#### [Exercise objective]
The pictures are to be left out, and all remaining data is to be transcribed exactly as it appears.
BEGIN Data to process
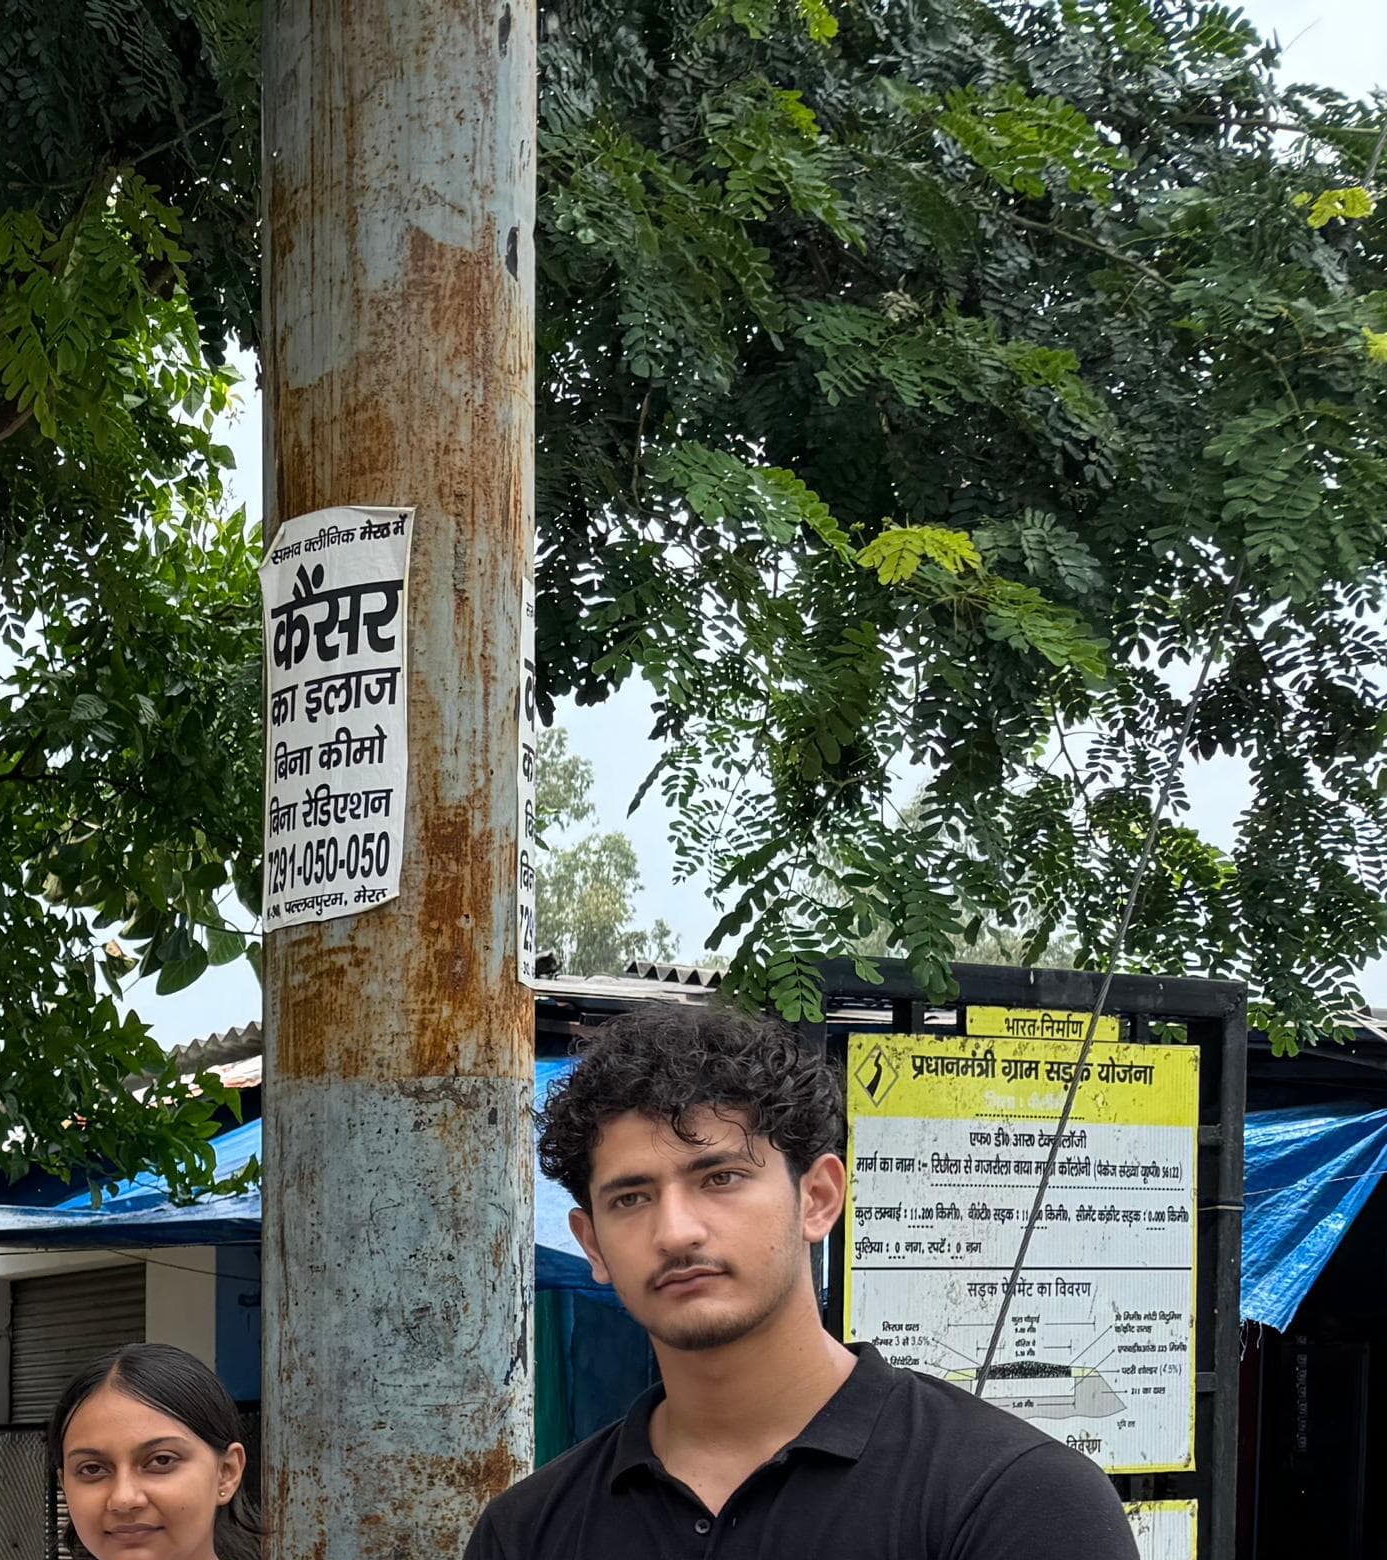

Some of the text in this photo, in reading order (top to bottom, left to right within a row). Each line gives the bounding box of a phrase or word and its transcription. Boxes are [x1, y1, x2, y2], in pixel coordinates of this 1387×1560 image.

[392, 513, 407, 536] में
[271, 562, 404, 672] कैंसर
[272, 666, 401, 727] का इलाज
[274, 723, 387, 785] बिना कीमो
[269, 783, 393, 838] बिना रेडिएशन
[268, 831, 390, 896] 7291-050-050
[911, 1049, 996, 1081] प्रधानमंत्री
[1001, 1059, 1040, 1084] ग्राम
[1097, 1056, 1155, 1086] योजना
[856, 1150, 878, 1173] मार्ग
[879, 1157, 893, 1173] का
[895, 1157, 915, 1173] नाम
[855, 1206, 873, 1226] कुल
[967, 1282, 998, 1300] सड़क
[1037, 1281, 1052, 1297] का
[1055, 1278, 1092, 1298] विवरण
END Data to process
#### [Final answer]
Some of the text in this photo, in reading order (top to bottom, left to right within a row). Each line gives the bounding box of a phrase or word and its transcription. Boxes are [x1, y1, x2, y2], in pixel coordinates of this 1387×1560 image.

[392, 513, 407, 536] में
[271, 562, 404, 672] कैंसर
[272, 666, 401, 727] का इलाज
[274, 723, 387, 785] बिना कीमो
[269, 783, 393, 838] बिना रेडिएशन
[268, 831, 390, 896] 7291-050-050
[911, 1049, 996, 1081] प्रधानमंत्री
[1001, 1059, 1040, 1084] ग्राम
[1097, 1056, 1155, 1086] योजना
[856, 1150, 878, 1173] मार्ग
[879, 1157, 893, 1173] का
[895, 1157, 915, 1173] नाम
[855, 1206, 873, 1226] कुल
[967, 1282, 998, 1300] सड़क
[1037, 1281, 1052, 1297] का
[1055, 1278, 1092, 1298] विवरण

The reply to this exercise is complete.